What to work on: The listing below should be printed in full and exactly, apart from its images.
Start of Block
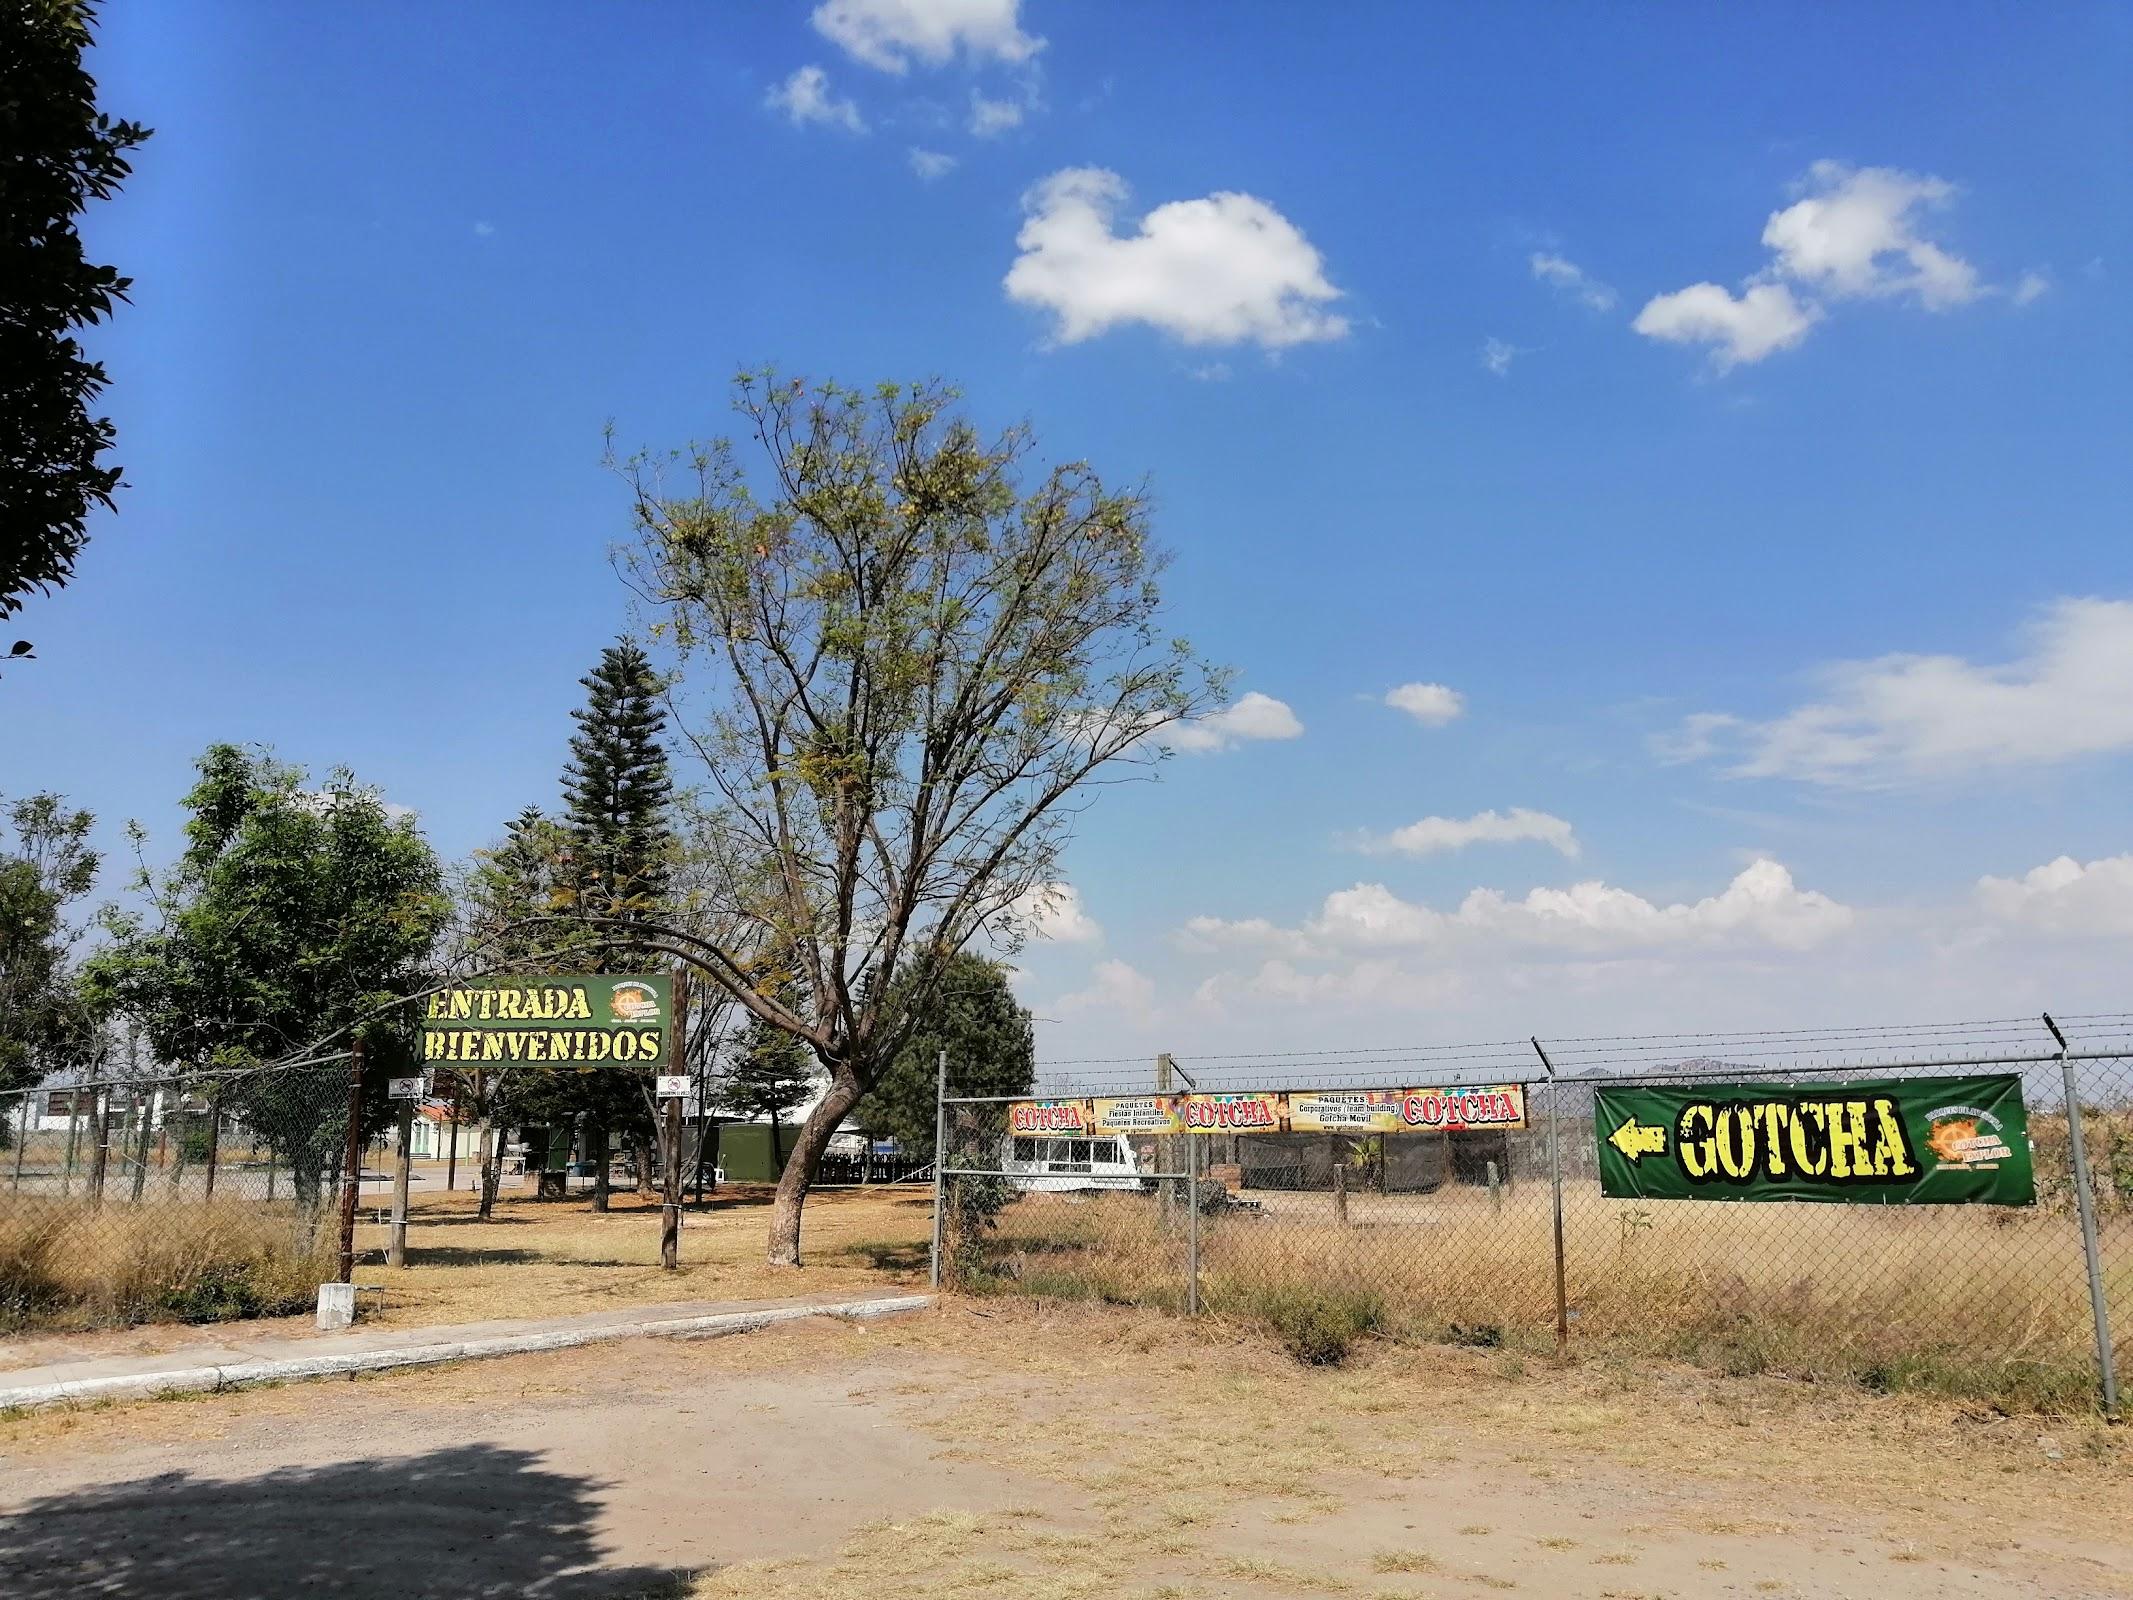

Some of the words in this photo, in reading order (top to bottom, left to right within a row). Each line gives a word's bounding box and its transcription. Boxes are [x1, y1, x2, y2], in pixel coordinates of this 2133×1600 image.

[427, 987, 591, 1020] ENTRADA
[424, 1030, 660, 1061] BIENVENIDOS
[1013, 1105, 1082, 1130] GOTCHA
[1102, 1119, 1131, 1127] Paquetes
[1132, 1118, 1171, 1126] Recreativos
[1109, 1110, 1132, 1118] Fiestas
[1133, 1108, 1164, 1117] Infantiles
[1185, 1099, 1274, 1128] GOTCHA
[1299, 1105, 1341, 1114] Corporativos
[1319, 1114, 1347, 1122] Gotcha
[1403, 1093, 1520, 1125] GOTCHA
[1679, 1099, 1915, 1178] GOTCHA
End of Block
Result of the exercise:
Some of the words in this photo, in reading order (top to bottom, left to right within a row). Each line gives a word's bounding box and its transcription. Boxes are [x1, y1, x2, y2], in pixel coordinates of this 2133×1600 image.

[427, 987, 591, 1020] ENTRADA
[424, 1030, 660, 1061] BIENVENIDOS
[1013, 1105, 1082, 1130] GOTCHA
[1102, 1119, 1131, 1127] Paquetes
[1132, 1118, 1171, 1126] Recreativos
[1109, 1110, 1132, 1118] Fiestas
[1133, 1108, 1164, 1117] Infantiles
[1185, 1099, 1274, 1128] GOTCHA
[1299, 1105, 1341, 1114] Corporativos
[1319, 1114, 1347, 1122] Gotcha
[1403, 1093, 1520, 1125] GOTCHA
[1679, 1099, 1915, 1178] GOTCHA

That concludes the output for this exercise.